Several power-sector CEOs—appearing at the Bloomberg New Energy Finance (BNEF) Summit in New York this week—suggested that existing nuclear power plants should not be allowed to slowly vanish from the U.S. electricity grid under market pressure caused by cheap natural gas and the growth of renewable energy. The leaders submitted that nuclear power provides important carbon-free energy needed to meet greenhouse gas (GHG) reduction goals.
“We have this issue in the U.S. around nuclear. It doesn’t compete against gas, but is a critical component of a decarbonized future,” said Audrey Zibelman, CEO and managing director of the Australian Energy Market Operator. Although Zibelman no longer resides in the U.S., she appeared to still have a vested interest in the country’s energy sector, having previously chaired the New York State Public Service Commission, and having been executive vice president and chief operating officer of the PJM Interconnection, among other things.

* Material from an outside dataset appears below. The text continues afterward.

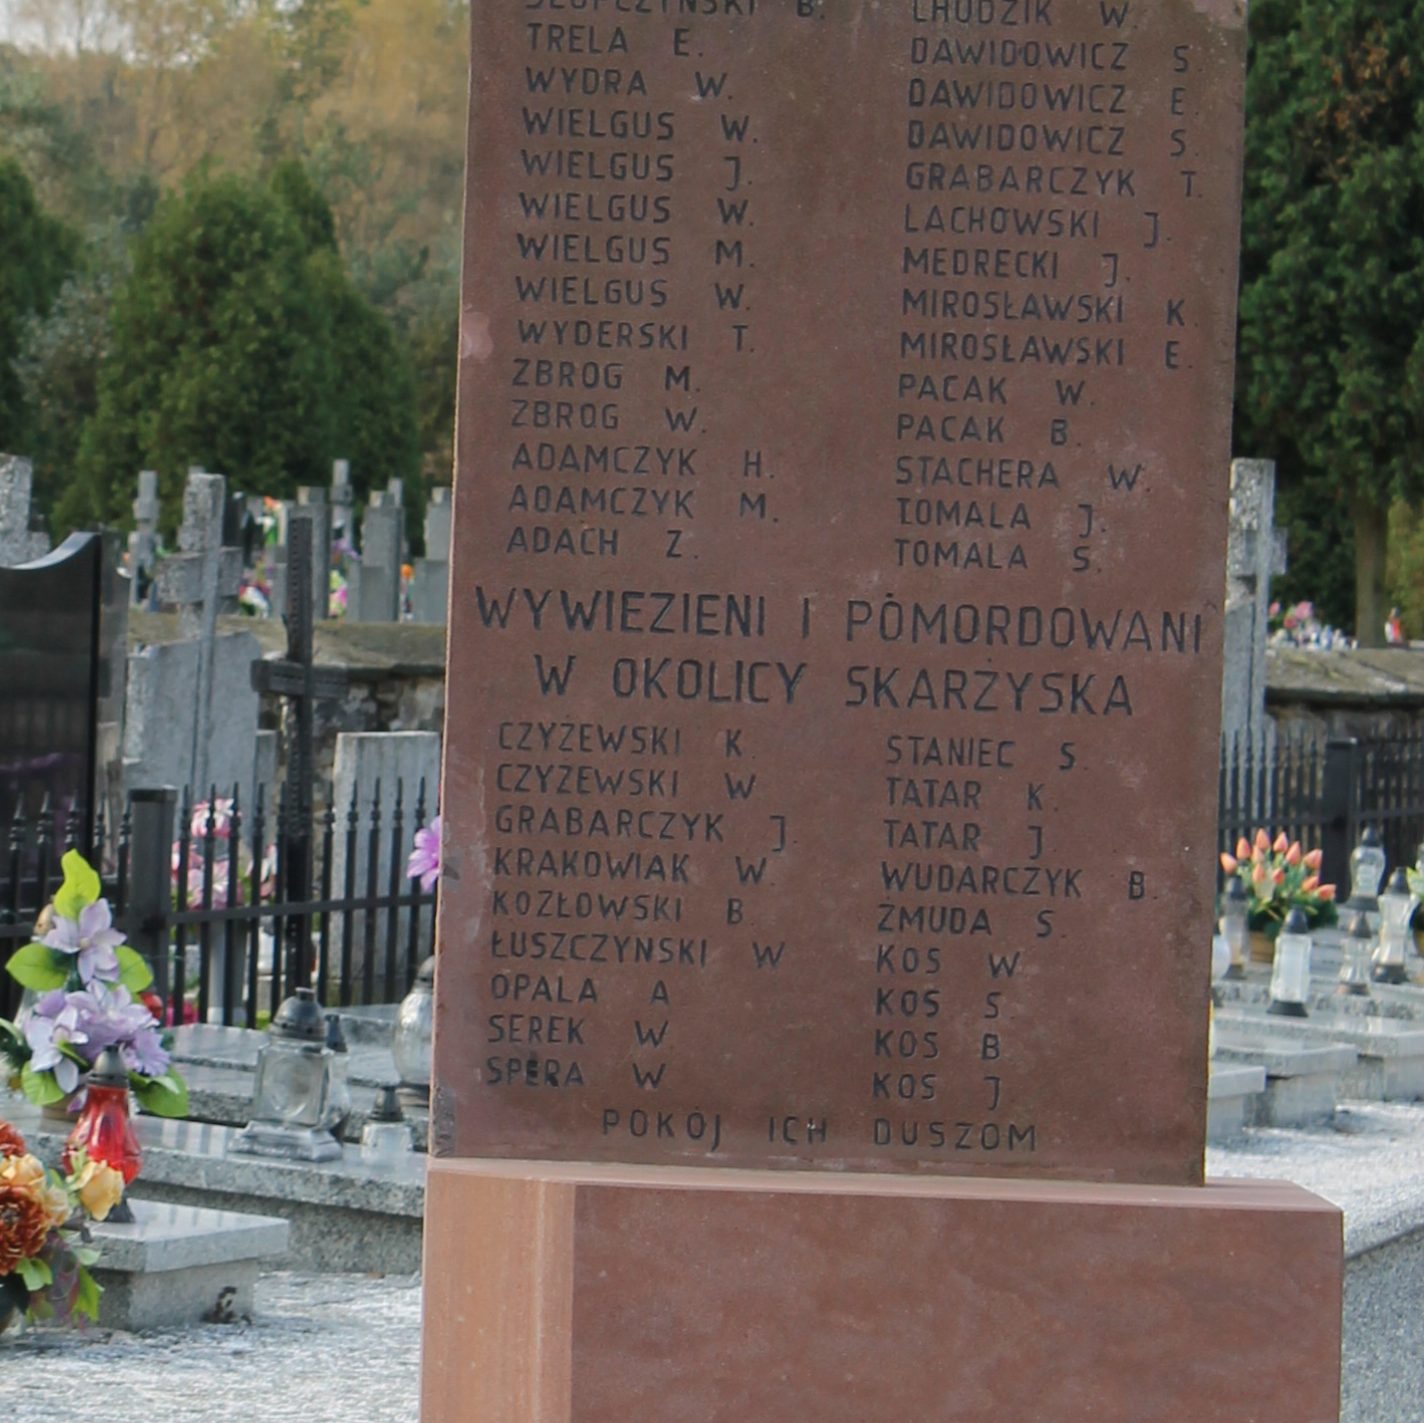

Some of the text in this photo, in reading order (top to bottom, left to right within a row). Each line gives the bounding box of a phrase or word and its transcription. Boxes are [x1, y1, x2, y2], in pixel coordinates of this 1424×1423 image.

Ralph Izzo, chairman, president, and CEO of Public Service Enterprise Group Inc. (PSEG), said his company is highly focused on preserving its nuclear fleet. He noted that the Oyster Creek nuclear plant in New Jersey—an Exelon-owned facility—was recently decommissioned. “Megawatt-hour for megawatt-hour of lost load from that—of lost supply from that—was picked up by natural gas at half a ton of carbon per megawatt-hour,” Izzo said, implying that the GHG penalty was significant.
PSEG operates three nuclear reactors in New Jersey—the 1,173-MW Hope Creek unit and the dual-unit, 2,278-MW Salem station. The company has long been lobbying for the New Jersey Legislature to provide financial support to help keep the units economical. Some states, such as Illinois, New York, and Connecticut, have already enacted legislation to help keep in-state nuclear plants afloat, while Pennsylvania and others contemplate similar options.

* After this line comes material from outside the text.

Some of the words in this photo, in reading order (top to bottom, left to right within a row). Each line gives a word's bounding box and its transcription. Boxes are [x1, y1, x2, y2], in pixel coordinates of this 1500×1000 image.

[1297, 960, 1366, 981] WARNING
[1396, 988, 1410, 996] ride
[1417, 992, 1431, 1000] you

“For Duke Energy, nuclear is foundational. In the Carolinas, 50% of the power comes from carbon-free nuclear,” Duke Energy CEO Lynn Good said. “Our objective is to keep those nuclear plants running as long as we can. We’re a proponent of second license renewal. But we also have to recognize with that foundation, how do intermittent resources fit on top of it?” she asked. “I have an eastern Carolina nuclear plant that we’re experimenting on flexibility. Can I take it down? I can’t load follow with it right now, but, ‘Is there some flexibility that I can put into place in the operation of that unit?’ is part of the maturing of this reliability picture,” she said. Duke Energy operates 11 nuclear units at six sites in the Carolinas with a combined generating capability of about 10,719 MW (Figure 1).
Geisha Williams, former CEO of Pacific Gas and Electric (PG&E), was interviewed during a separate session at the BNEF Summit. PG&E owns the two-unit, 2,256-MW Diablo Canyon nuclear facility, which is slated to close in August 2025. Tony Earley was PG&E’s CEO when the decision to retire the facility was first announced, but Williams was at the helm when the California Public Utilities Commission accepted the plan. Nonetheless, Williams suggested it is in the country’s best interest to preserve the existing nuclear fleet.
“I think carbon’s the enemy. I think greenhouse gas emissions are the enemy. We’ve got to be laser focused about it. How do we reduce that in the most cost-effective manner?” Williams said. “With something like 20% of the power produced in this country coming from nuclear, to sort of cast that aside would be pretty irresponsible. It’s safe. It’s clean. It’s affordable. It’s zero emission. So, I think part of our strategy—a big part of our strategy—has got to be how do we maintain, how do we retain, these nuclear reactors in play, providing its baseload power, very affordably and very cleanly, to buy ourselves time to figure out long-term what the solutions are,” she added.
“I personally believe that nuclear is very much a part of the solution,” said Williams.